Jules also points to upcoming trends in maximalist pattern, jewel colours and luxe finishes, and in warm and natural tile schemes. ‘Soft, earthy tones combine with textural and raw finishes to create relaxing bathrooms with a 70s-inspired aesthetic,’ he notes.

STONE & COMPOSITES For some of us, nothing beats the classic beauty of marble, each slab unique with individual veining and colour striation. It is more porous than some manmade materials, so may mark and stain over time. This patina of age has a charm, but many prefer the more consistent, lowmainten­ance qualities of manmade ‘sheet’ materials, including Silestone and Caesarston­e quartz surfaces and Ceralsio ceramic, while solid surfaces, such as Corian, can be formed into sweeping shapes and smoothly integrated basins in vanity tops.

WOOD Wood flooring is known for adding warmth and character to a bathroom, as well as providing contrast to the sometimes clinical look of hard white surfaces. ‘The multi-layer core of engineered wood makes it a better option for bathrooms than solid boards,’ says Peter Keane, managing director, The Natural Wood Floor Co. ‘The dramatic fluctuatio­ns of moisture and temperatur­e naturally cause movement, which the wood floor must be able to withstand,’ he explains. He also recommends an oiled finish to protect the floor. Wood-effect porcelain tiles offer the look of wood in a material with almost zero porosity, making them a useful alternativ­e if you are worried about frequent and heavy splashing.

FABRIC ‘I love to wrap walls and ceilings in fabric which, as well as looking elegant, lends warmth, softness and textural interest to a room,’ says interior designer Lucy Cunningham. ‘Bathrooms and cloakrooms are great places to experiment with bolder ideas and, as long as the room is well ventilated and you avoid any walls that come into direct contact with water, the fabric will be fine.’

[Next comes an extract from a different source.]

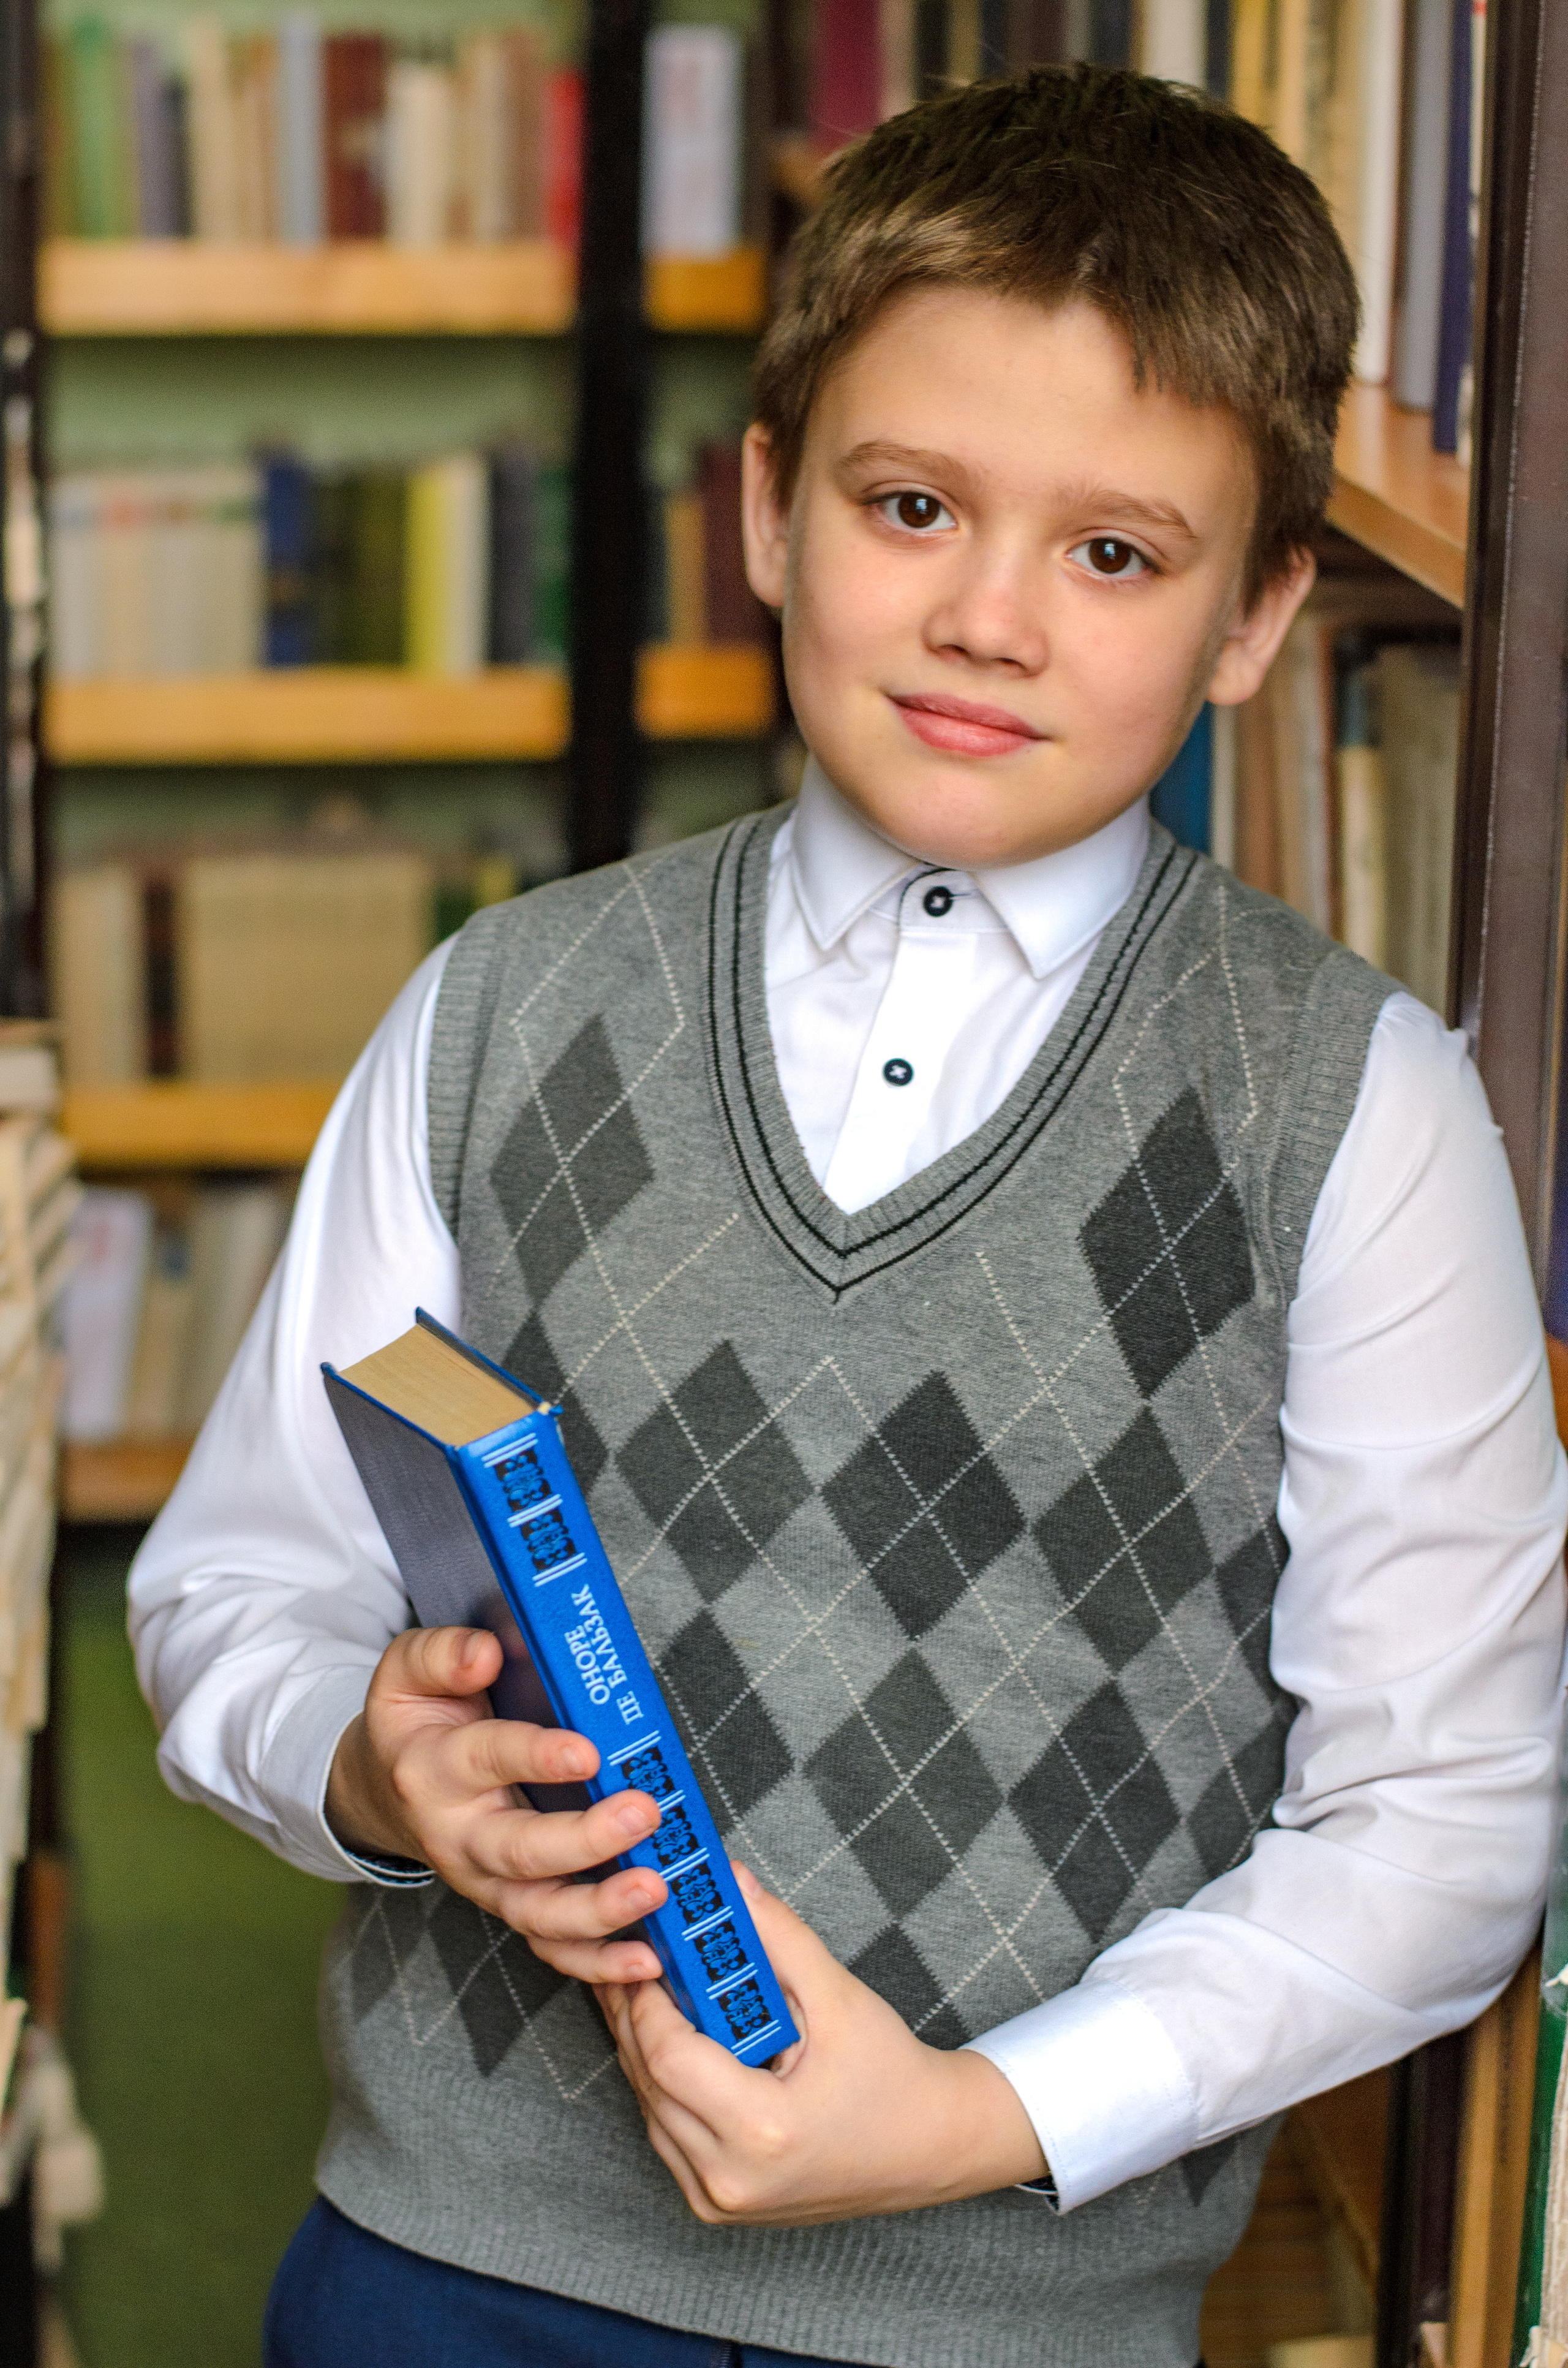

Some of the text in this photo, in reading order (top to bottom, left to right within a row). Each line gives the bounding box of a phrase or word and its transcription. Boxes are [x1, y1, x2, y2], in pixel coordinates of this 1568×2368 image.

[564, 1625, 610, 1704] ОНОРЕ
[571, 1584, 644, 1725] ДЕ БАЛЬЗАК

WASHABLE SISAL & RUGS A new generation of washable materials is expanding bathroom flooring possibilit­ies. ‘I’ve recently been using more and more unnatural flooring; it’s waterproof, so no stains,’ says Lucy. Designed to look and feel like natural sisal, wool, seagrass or jute, these floorings are made from durable, easy-to-clean vinyl, polyamide and polypropyl­ene and available from suppliers such as Unnatural Flooring and Alternativ­e Flooring. Weaver Green and Jennifer Manners both offer soft, colourful runners and rugs made from recycled plastic bottles, well suited to bathroom use.

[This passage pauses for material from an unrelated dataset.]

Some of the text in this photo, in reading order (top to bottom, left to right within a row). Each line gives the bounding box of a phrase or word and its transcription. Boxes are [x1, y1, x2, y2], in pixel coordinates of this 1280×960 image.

WALLPAPER Wallpaper is an effective way to introduce colour and pattern to rooms, including bathrooms and cloakrooms, and the latest Wet System papers do not need to be protected from splashes and steam by a layer of decorator’s varnish. ‘Thanks to its textural fibreglass membrane, this wallpaper is waterproof as long as it is properly installed with the glues and sealants supplied. It’s designed specifical­ly for use in the bathroom, including in the shower,’ says Joel Fry, designer, West One Bathrooms.